Drunkenness was considered a mitigating circumstance (21: 69, 71, 88). In the realm of civil law, unlike criminal, much regularisation but little substantive change occurred. Chapters in the Ulozhenie (14, 15, 18) concerned oath taking settled cases and fees for documents. The Ulozhenie’s longest chapter (10) addressed judicial corruption, courtroom procedure and civil suits. By the end of the century Moscow’s legal heritage was rich and complex, but scattered in a panoply of thematic compendia and individual decrees and precedents.

Society interacted with law in a multitude of ways in seventeenth-century Muscovy. Traditional distributive justice shaped adjudication; the multiplicity of norms and venues undermined judicial consistency. But the trend was nevertheless towards a greater rationalisation. Codification was proceeding, standardised norms of record-keeping were being established; standards of evidence favoured rational proof. Scholars have deemed these trends ‘absolutist’.

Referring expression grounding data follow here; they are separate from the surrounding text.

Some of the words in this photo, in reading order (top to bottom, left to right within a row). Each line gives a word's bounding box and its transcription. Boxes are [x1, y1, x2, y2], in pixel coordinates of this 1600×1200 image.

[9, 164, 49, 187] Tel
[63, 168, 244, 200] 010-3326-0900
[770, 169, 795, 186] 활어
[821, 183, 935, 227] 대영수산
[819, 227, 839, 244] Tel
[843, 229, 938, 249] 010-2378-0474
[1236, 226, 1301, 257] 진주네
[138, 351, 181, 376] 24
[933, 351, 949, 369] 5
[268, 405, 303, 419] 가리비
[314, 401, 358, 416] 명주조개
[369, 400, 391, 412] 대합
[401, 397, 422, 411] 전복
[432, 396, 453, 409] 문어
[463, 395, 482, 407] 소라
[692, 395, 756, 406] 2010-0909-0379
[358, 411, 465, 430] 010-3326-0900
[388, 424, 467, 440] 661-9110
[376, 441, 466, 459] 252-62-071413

So also might one term the concept of ‘the common good’ that appears in the law by the end of the century. The concept that the state uses law to serve the public good came to court circles from Ukraine by the 1680s and inspired many of the projects of military and bureaucratic reform of that decade. Despite its complexity, seventeenth-century law provided Peter the Great with a firm foundation when he launched his bold effort to standardise law and administration on the ‘well-ordered police state’ model in the next century [2].

SOURCES:

  1. Isaev I.A. History of state and law of Russia, 3rd edition / I.A. Isaev. – M.: Jurist, 2004. – 797 p.

  2. The Cambridge history of Russia, 3 vols. / edited by Maureen Perrie. – Cambridge, 2006. – Vol. I. – 824 p.

  3. Kort M. A Brief history of Russia / Michael Kort. – New York, 2008. – 335 p.

  4. Feldbrugge, F. J. M. (Ferdinand Joseph Maria), 1933 – Law in Medieval Russia / By Ferdinand Feldbrugge. – Leiden-Boston, 2009 – 365 p.

  5. Encyclopedia of Russian history / James R. Millar, editor in chief. – THOMSON – GALE. – New York, 2004. – 1930 p.

  6. Peter B. Brown, ‘Muscovite Government Bureaus’, RH 10 (1983): 269–330.